• Work task
Give back every line of the material below exactly, but no images.

• Material provided
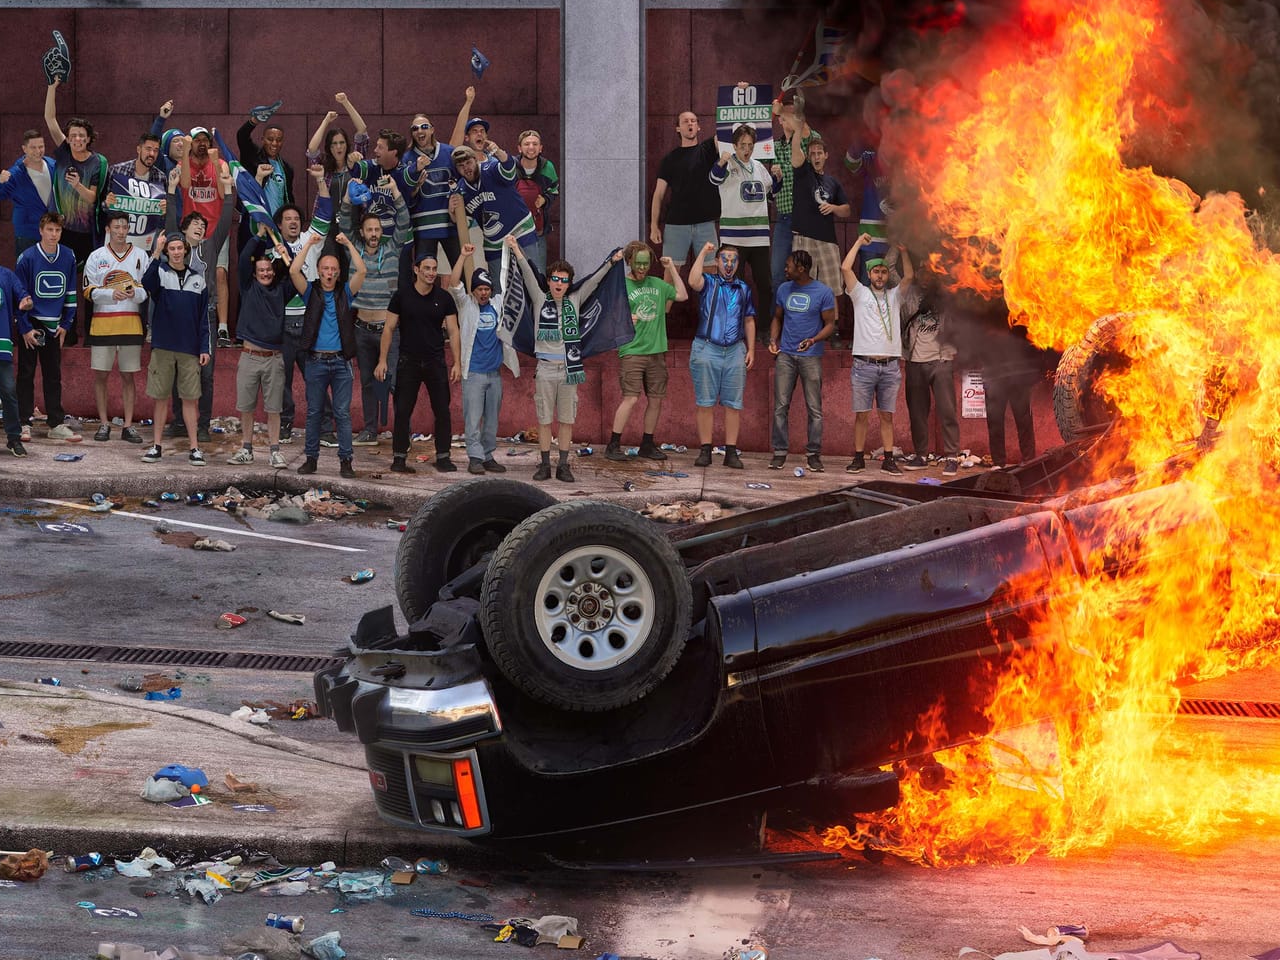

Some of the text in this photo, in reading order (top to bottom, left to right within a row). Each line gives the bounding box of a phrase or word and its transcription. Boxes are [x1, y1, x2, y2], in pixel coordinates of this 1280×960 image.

[733, 86, 756, 105] GO
[720, 107, 770, 121] CANUCKS
[128, 178, 150, 198] GO
[114, 197, 161, 213] CANUCKS
[128, 214, 148, 235] GO
[627, 286, 659, 303] VANCOUVER
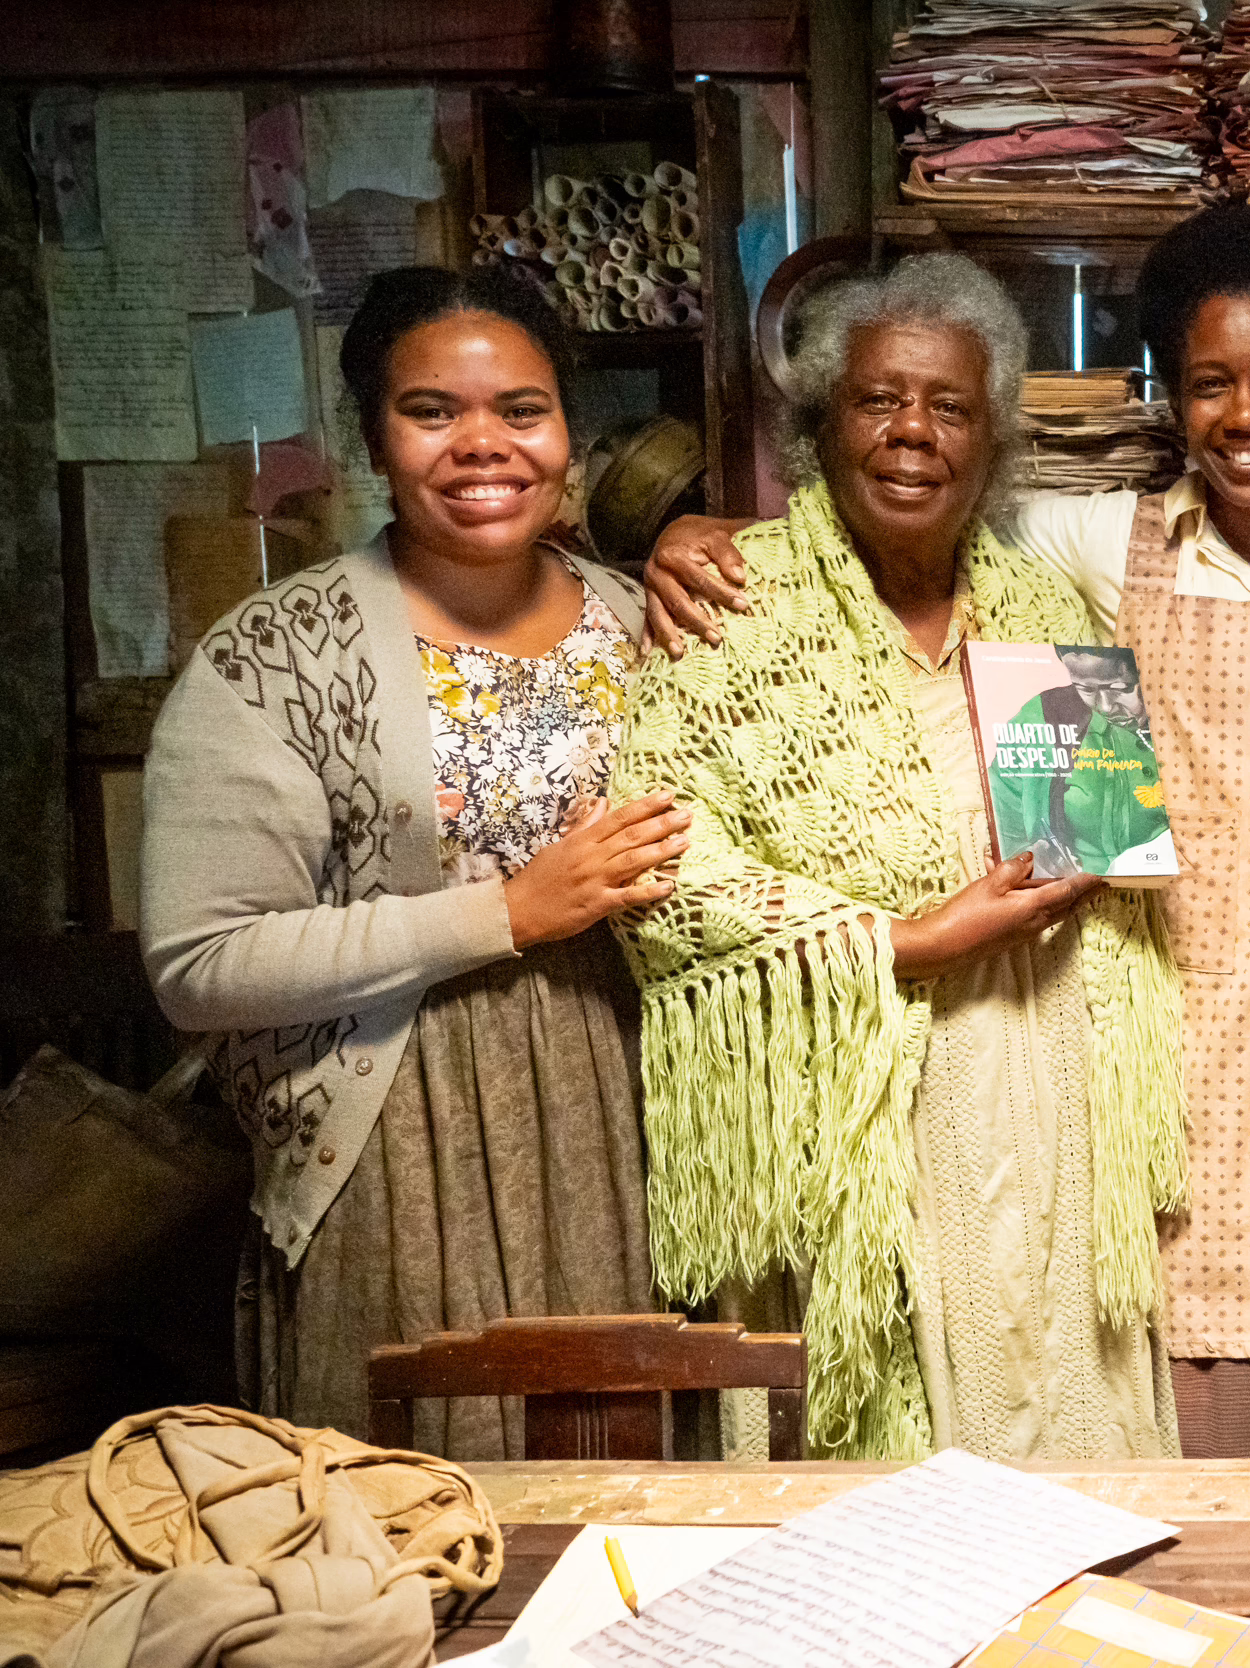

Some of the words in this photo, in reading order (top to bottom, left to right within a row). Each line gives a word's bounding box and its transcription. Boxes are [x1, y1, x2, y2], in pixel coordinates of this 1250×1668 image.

[993, 723, 1056, 745] QUARTO
[1058, 724, 1081, 745] DE
[996, 747, 1070, 769] DESPEJO
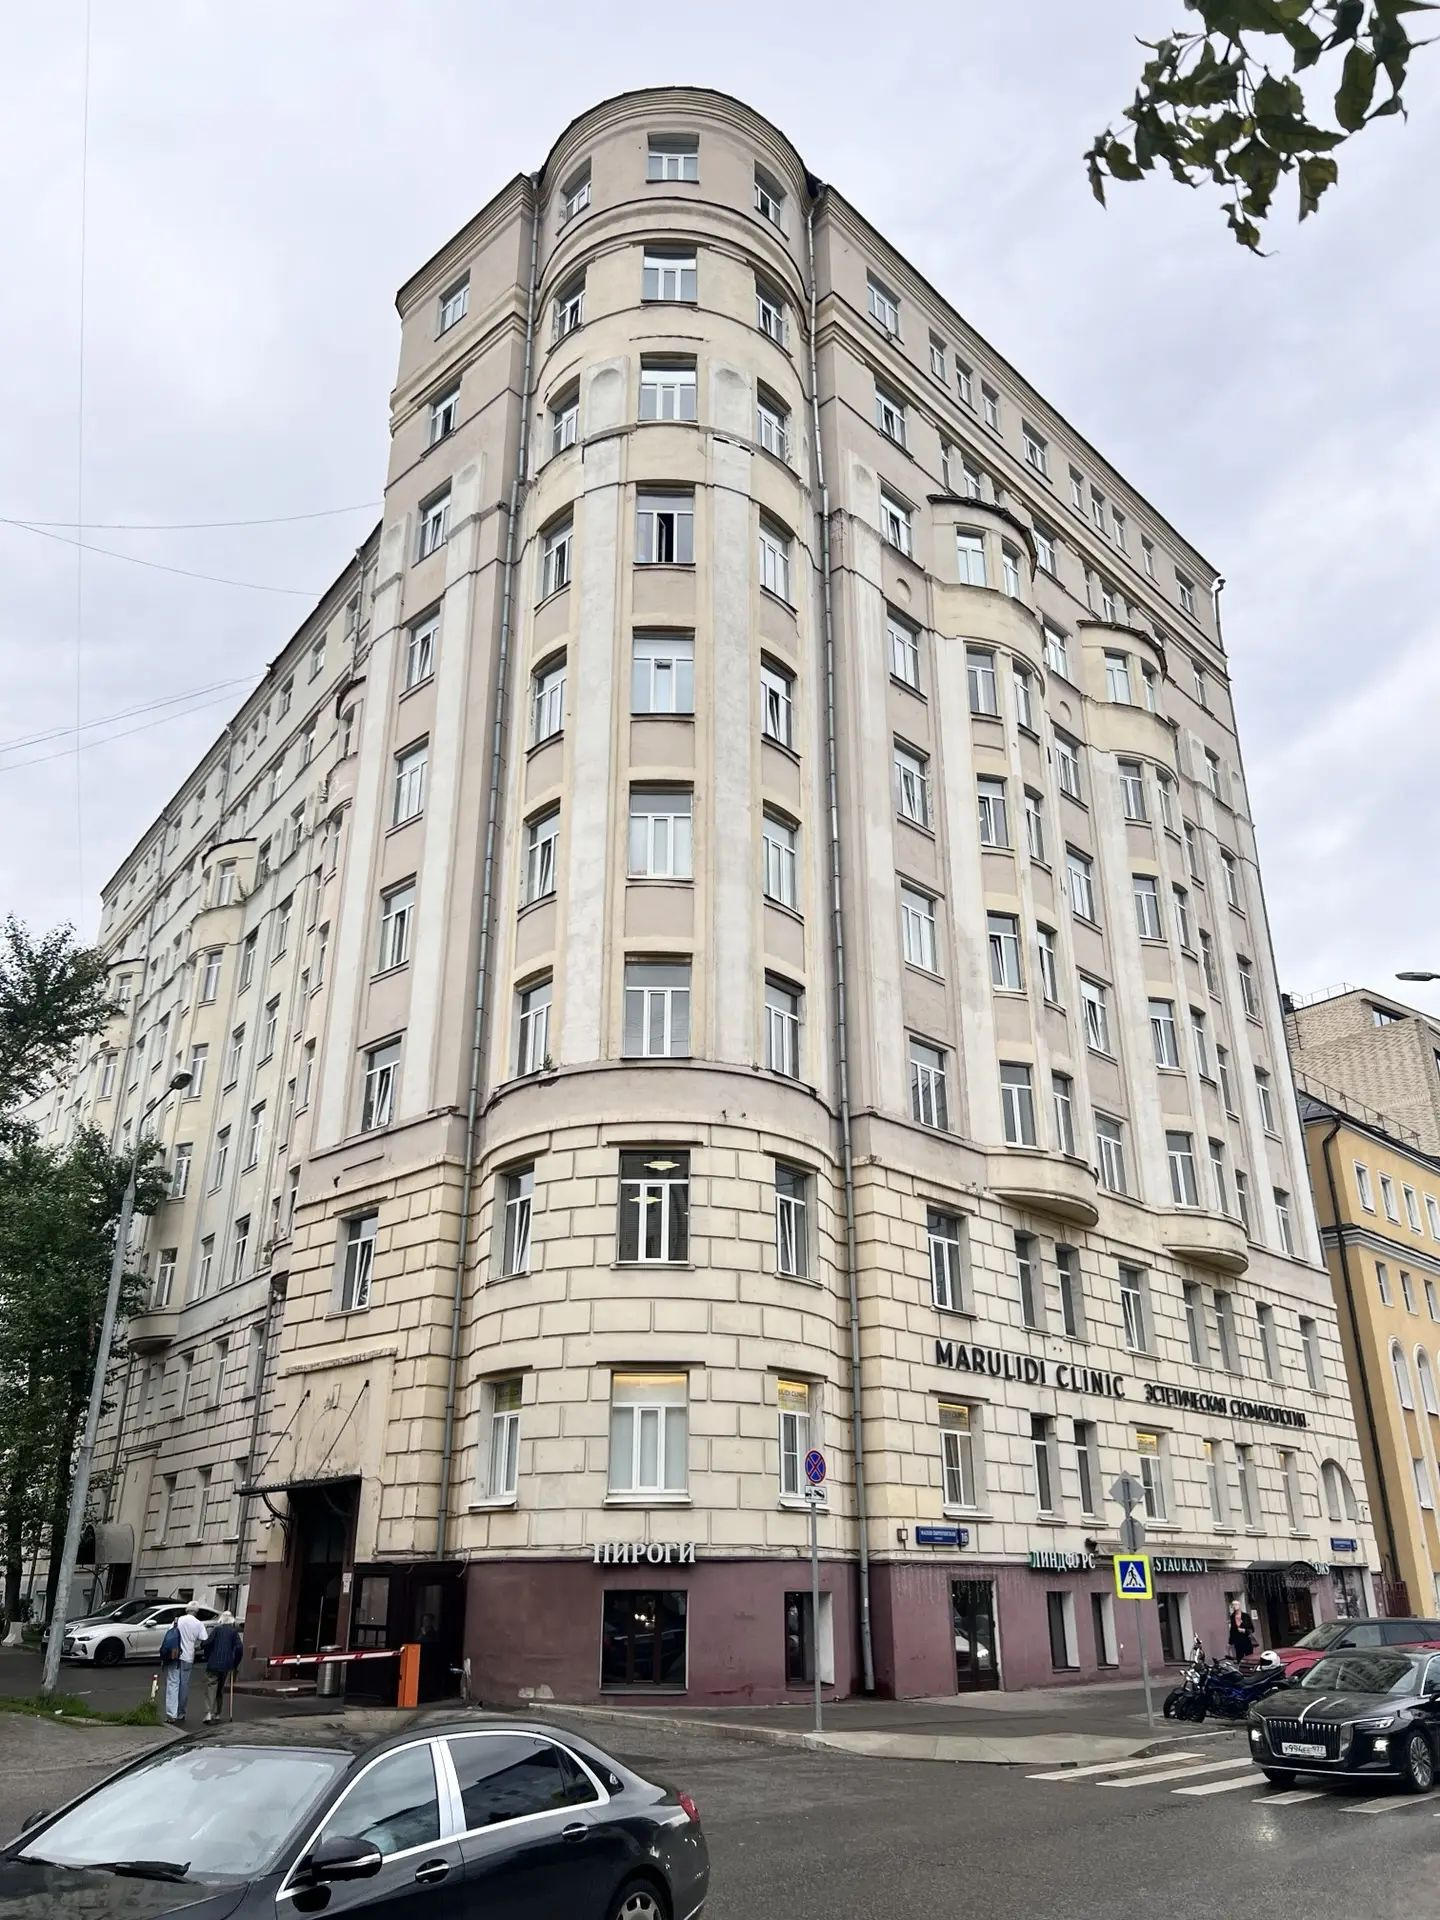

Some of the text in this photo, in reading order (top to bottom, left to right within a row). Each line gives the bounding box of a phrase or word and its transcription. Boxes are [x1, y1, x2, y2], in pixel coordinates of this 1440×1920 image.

[935, 1339, 1126, 1398] MARULIDI CLINIC
[1144, 1383, 1307, 1428] ЭСТЕТИЧЕСКАЯ СТОМАТОЛОГИЯ
[592, 1543, 696, 1564] ПИРОГИ
[1153, 1557, 1208, 1573] STAURANT

• Exercise response
Some of the text in this photo, in reading order (top to bottom, left to right within a row). Each line gives the bounding box of a phrase or word and its transcription. Boxes are [x1, y1, x2, y2], in pixel coordinates of this 1280×960 image.

[733, 86, 756, 105] GO
[720, 107, 770, 121] CANUCKS
[128, 178, 150, 198] GO
[114, 197, 161, 213] CANUCKS
[128, 214, 148, 235] GO
[627, 286, 659, 303] VANCOUVER

Some of the words in this photo, in reading order (top to bottom, left to right within a row). Each line gives a word's bounding box and its transcription. Boxes are [x1, y1, x2, y2], in pixel coordinates of this 1250×1668 image.

[993, 723, 1056, 745] QUARTO
[1058, 724, 1081, 745] DE
[996, 747, 1070, 769] DESPEJO

Some of the text in this photo, in reading order (top to bottom, left to right within a row). Each line gives the bounding box of a phrase or word and its transcription. Boxes are [x1, y1, x2, y2], in pixel coordinates of this 1440×1920 image.

[935, 1339, 1126, 1398] MARULIDI CLINIC
[1144, 1383, 1307, 1428] ЭСТЕТИЧЕСКАЯ СТОМАТОЛОГИЯ
[592, 1543, 696, 1564] ПИРОГИ
[1153, 1557, 1208, 1573] STAURANT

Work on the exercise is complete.